Detection of α-Synuclein Amyloidogenic Aggregates in Vitro and in Cells using Light-Switching Dipyridophenazine Ruthenium(II) Complexes

Protein aggregation is the hallmark of a number of neurodegenerative diseases including Parkinson's and Huntington's diseases. There is a significant interest in understanding the molecular mechanisms involved in the self-association and fibrillization of monomeric soluble proteins into insoluble deposits in vivo and in vitro. Probes with novel properties, such as red-shifted emission, large Stokes shifts, and high photostability, are desirable for a variety of protein aggregation studies.

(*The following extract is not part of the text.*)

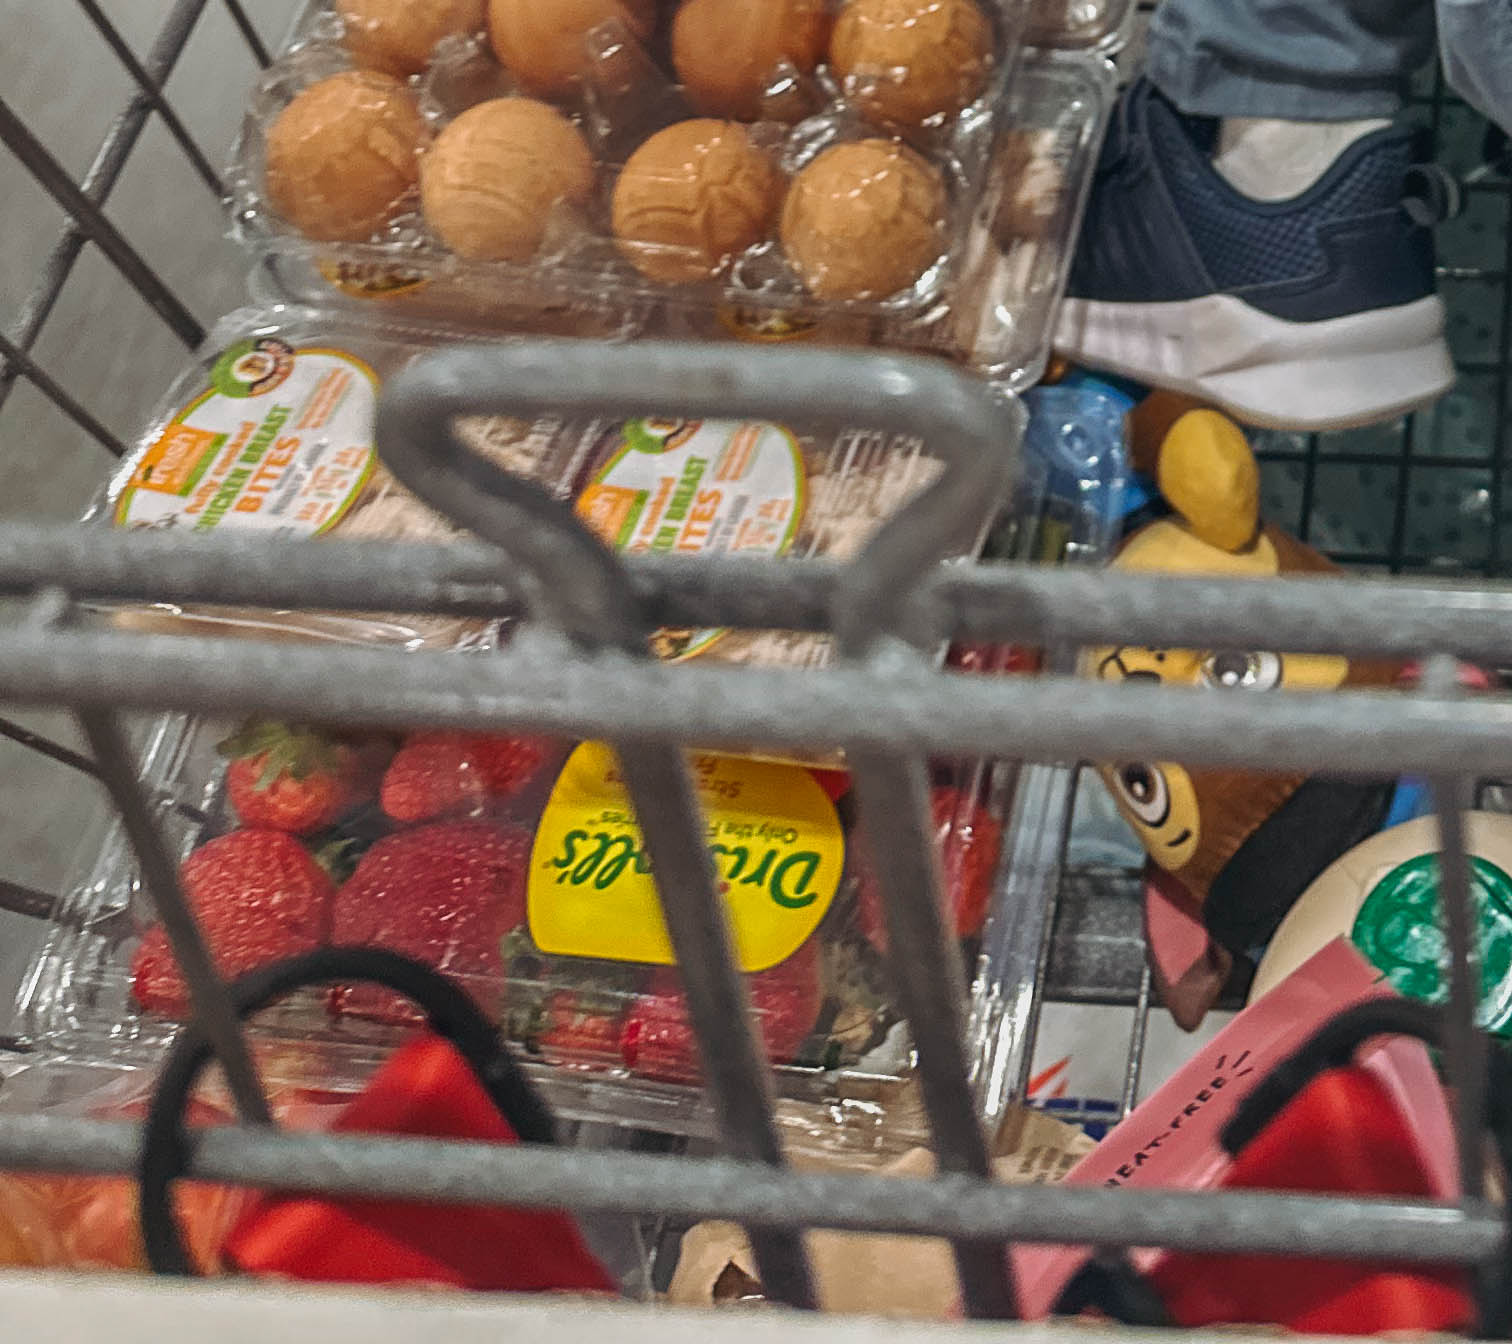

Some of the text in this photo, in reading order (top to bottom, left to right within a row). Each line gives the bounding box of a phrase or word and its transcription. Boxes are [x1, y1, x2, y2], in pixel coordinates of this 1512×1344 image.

To respond to the increasing need for aggregation–responsive compounds suitable to cellular studies, we present a ruthenium(II) dipyridophenazine derivative, [Ru(phen)2dppz]2+ (phen =1,10-phenanthroline, dppz = dipyrido[3,2-a:2′.3′-c]phenazine), to study aggregation of α-synuclein (αS), which is associated with the development of Parkinson's disease. We demonstrated the use of [Ru(phen)2dppz]2+ to monitor αS fibril formation in real-time and to detect and quantify αS aggregates in neuroglioma cells, thereby providing a novel molecular tool to study protein deposition diseases in vitro and in vivo.